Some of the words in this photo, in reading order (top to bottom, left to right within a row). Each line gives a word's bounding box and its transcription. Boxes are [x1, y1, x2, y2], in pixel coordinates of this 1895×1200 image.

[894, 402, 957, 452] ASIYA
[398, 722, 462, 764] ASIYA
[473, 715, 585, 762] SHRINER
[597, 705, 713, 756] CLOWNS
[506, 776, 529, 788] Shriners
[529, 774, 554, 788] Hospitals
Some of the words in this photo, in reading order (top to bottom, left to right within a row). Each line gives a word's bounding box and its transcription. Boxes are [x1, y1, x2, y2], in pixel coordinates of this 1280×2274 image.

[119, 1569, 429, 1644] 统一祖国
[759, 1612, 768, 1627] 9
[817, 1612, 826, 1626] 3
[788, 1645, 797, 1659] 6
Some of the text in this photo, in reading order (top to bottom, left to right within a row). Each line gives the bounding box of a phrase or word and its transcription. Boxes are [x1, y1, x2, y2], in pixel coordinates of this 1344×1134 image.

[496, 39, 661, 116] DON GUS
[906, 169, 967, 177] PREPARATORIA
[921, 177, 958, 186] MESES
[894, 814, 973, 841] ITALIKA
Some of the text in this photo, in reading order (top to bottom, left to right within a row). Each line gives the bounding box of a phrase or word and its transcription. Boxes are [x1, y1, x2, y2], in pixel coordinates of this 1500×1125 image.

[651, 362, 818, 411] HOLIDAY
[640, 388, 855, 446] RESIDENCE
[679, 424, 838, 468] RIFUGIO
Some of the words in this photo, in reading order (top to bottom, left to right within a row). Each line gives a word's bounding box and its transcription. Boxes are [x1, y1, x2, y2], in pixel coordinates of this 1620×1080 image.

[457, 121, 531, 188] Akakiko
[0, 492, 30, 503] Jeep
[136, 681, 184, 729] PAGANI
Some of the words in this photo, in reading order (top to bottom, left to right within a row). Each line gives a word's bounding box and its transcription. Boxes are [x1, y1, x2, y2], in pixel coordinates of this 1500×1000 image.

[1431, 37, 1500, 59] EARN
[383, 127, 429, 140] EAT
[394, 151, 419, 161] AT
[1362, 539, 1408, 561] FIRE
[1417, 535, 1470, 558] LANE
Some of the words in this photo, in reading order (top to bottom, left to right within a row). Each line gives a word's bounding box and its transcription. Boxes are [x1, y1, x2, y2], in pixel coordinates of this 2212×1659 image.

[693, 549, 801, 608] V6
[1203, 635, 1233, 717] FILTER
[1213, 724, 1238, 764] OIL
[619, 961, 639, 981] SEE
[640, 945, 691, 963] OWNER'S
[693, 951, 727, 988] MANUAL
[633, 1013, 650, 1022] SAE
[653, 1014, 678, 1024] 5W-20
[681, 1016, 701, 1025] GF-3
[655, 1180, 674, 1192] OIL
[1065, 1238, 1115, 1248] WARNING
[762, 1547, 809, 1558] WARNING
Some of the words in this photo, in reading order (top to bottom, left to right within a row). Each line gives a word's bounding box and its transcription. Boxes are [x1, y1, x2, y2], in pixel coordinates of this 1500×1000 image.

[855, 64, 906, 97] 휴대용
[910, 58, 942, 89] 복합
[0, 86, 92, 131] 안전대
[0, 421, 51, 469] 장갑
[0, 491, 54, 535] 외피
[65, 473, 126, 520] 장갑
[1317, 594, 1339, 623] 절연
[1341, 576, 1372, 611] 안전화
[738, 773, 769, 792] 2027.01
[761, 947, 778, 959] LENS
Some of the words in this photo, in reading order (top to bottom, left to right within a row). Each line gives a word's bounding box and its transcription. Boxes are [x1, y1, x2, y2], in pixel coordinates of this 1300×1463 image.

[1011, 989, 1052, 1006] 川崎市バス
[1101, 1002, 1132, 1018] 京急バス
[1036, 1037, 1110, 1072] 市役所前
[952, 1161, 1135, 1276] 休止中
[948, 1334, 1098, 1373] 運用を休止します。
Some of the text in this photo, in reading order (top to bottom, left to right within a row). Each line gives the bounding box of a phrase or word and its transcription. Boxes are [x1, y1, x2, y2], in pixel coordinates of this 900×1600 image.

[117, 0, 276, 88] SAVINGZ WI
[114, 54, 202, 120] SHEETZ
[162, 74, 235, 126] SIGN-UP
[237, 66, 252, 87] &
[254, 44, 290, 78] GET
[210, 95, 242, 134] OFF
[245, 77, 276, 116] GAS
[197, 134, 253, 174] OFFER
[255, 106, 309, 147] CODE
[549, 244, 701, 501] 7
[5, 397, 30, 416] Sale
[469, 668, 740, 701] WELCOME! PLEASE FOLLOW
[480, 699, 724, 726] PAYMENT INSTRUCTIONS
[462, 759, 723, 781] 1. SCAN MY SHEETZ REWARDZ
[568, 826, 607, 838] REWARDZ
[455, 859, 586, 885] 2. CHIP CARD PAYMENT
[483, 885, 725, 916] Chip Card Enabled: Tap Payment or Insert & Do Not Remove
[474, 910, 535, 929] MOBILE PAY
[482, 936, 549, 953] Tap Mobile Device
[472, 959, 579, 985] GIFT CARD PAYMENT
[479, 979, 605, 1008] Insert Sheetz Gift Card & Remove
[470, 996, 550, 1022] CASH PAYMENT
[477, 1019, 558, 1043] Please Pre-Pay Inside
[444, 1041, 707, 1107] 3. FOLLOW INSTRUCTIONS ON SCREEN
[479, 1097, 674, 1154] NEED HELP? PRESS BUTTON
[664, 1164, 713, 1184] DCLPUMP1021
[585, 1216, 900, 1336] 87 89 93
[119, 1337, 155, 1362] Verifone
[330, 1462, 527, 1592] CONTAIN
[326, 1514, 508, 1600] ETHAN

* _Goal of the exercise_: All the records above need to be output exactly, with none omitted.

* _Response to the exercise_:
Some of the words in this photo, in reading order (top to bottom, left to right within a row). Each line gives a word's bounding box and its transcription. Boxes are [x1, y1, x2, y2], in pixel coordinates of this 1895×1200 image.

[894, 402, 957, 452] ASIYA
[398, 722, 462, 764] ASIYA
[473, 715, 585, 762] SHRINER
[597, 705, 713, 756] CLOWNS
[506, 776, 529, 788] Shriners
[529, 774, 554, 788] Hospitals
Some of the words in this photo, in reading order (top to bottom, left to right within a row). Each line gives a word's bounding box and its transcription. Boxes are [x1, y1, x2, y2], in pixel coordinates of this 1280×2274 image.

[119, 1569, 429, 1644] 统一祖国
[759, 1612, 768, 1627] 9
[817, 1612, 826, 1626] 3
[788, 1645, 797, 1659] 6
Some of the text in this photo, in reading order (top to bottom, left to right within a row). Each line gives the bounding box of a phrase or word and its transcription. Boxes are [x1, y1, x2, y2], in pixel coordinates of this 1344×1134 image.

[496, 39, 661, 116] DON GUS
[906, 169, 967, 177] PREPARATORIA
[921, 177, 958, 186] MESES
[894, 814, 973, 841] ITALIKA
Some of the text in this photo, in reading order (top to bottom, left to right within a row). Each line gives the bounding box of a phrase or word and its transcription. Boxes are [x1, y1, x2, y2], in pixel coordinates of this 1500×1125 image.

[651, 362, 818, 411] HOLIDAY
[640, 388, 855, 446] RESIDENCE
[679, 424, 838, 468] RIFUGIO
Some of the words in this photo, in reading order (top to bottom, left to right within a row). Each line gives a word's bounding box and its transcription. Boxes are [x1, y1, x2, y2], in pixel coordinates of this 1620×1080 image.

[457, 121, 531, 188] Akakiko
[0, 492, 30, 503] Jeep
[136, 681, 184, 729] PAGANI
Some of the words in this photo, in reading order (top to bottom, left to right within a row). Each line gives a word's bounding box and its transcription. Boxes are [x1, y1, x2, y2], in pixel coordinates of this 1500×1000 image.

[1431, 37, 1500, 59] EARN
[383, 127, 429, 140] EAT
[394, 151, 419, 161] AT
[1362, 539, 1408, 561] FIRE
[1417, 535, 1470, 558] LANE
Some of the words in this photo, in reading order (top to bottom, left to right within a row). Each line gives a word's bounding box and its transcription. Boxes are [x1, y1, x2, y2], in pixel coordinates of this 2212×1659 image.

[693, 549, 801, 608] V6
[1203, 635, 1233, 717] FILTER
[1213, 724, 1238, 764] OIL
[619, 961, 639, 981] SEE
[640, 945, 691, 963] OWNER'S
[693, 951, 727, 988] MANUAL
[633, 1013, 650, 1022] SAE
[653, 1014, 678, 1024] 5W-20
[681, 1016, 701, 1025] GF-3
[655, 1180, 674, 1192] OIL
[1065, 1238, 1115, 1248] WARNING
[762, 1547, 809, 1558] WARNING
Some of the words in this photo, in reading order (top to bottom, left to right within a row). Each line gives a word's bounding box and its transcription. Boxes are [x1, y1, x2, y2], in pixel coordinates of this 1500×1000 image.

[855, 64, 906, 97] 휴대용
[910, 58, 942, 89] 복합
[0, 86, 92, 131] 안전대
[0, 421, 51, 469] 장갑
[0, 491, 54, 535] 외피
[65, 473, 126, 520] 장갑
[1317, 594, 1339, 623] 절연
[1341, 576, 1372, 611] 안전화
[738, 773, 769, 792] 2027.01
[761, 947, 778, 959] LENS
Some of the words in this photo, in reading order (top to bottom, left to right within a row). Each line gives a word's bounding box and its transcription. Boxes are [x1, y1, x2, y2], in pixel coordinates of this 1300×1463 image.

[1011, 989, 1052, 1006] 川崎市バス
[1101, 1002, 1132, 1018] 京急バス
[1036, 1037, 1110, 1072] 市役所前
[952, 1161, 1135, 1276] 休止中
[948, 1334, 1098, 1373] 運用を休止します。
Some of the text in this photo, in reading order (top to bottom, left to right within a row). Each line gives the bounding box of a phrase or word and its transcription. Boxes are [x1, y1, x2, y2], in pixel coordinates of this 900×1600 image.

[117, 0, 276, 88] SAVINGZ WI
[114, 54, 202, 120] SHEETZ
[162, 74, 235, 126] SIGN-UP
[237, 66, 252, 87] &
[254, 44, 290, 78] GET
[210, 95, 242, 134] OFF
[245, 77, 276, 116] GAS
[197, 134, 253, 174] OFFER
[255, 106, 309, 147] CODE
[549, 244, 701, 501] 7
[5, 397, 30, 416] Sale
[469, 668, 740, 701] WELCOME! PLEASE FOLLOW
[480, 699, 724, 726] PAYMENT INSTRUCTIONS
[462, 759, 723, 781] 1. SCAN MY SHEETZ REWARDZ
[568, 826, 607, 838] REWARDZ
[455, 859, 586, 885] 2. CHIP CARD PAYMENT
[483, 885, 725, 916] Chip Card Enabled: Tap Payment or Insert & Do Not Remove
[474, 910, 535, 929] MOBILE PAY
[482, 936, 549, 953] Tap Mobile Device
[472, 959, 579, 985] GIFT CARD PAYMENT
[479, 979, 605, 1008] Insert Sheetz Gift Card & Remove
[470, 996, 550, 1022] CASH PAYMENT
[477, 1019, 558, 1043] Please Pre-Pay Inside
[444, 1041, 707, 1107] 3. FOLLOW INSTRUCTIONS ON SCREEN
[479, 1097, 674, 1154] NEED HELP? PRESS BUTTON
[664, 1164, 713, 1184] DCLPUMP1021
[585, 1216, 900, 1336] 87 89 93
[119, 1337, 155, 1362] Verifone
[330, 1462, 527, 1592] CONTAIN
[326, 1514, 508, 1600] ETHAN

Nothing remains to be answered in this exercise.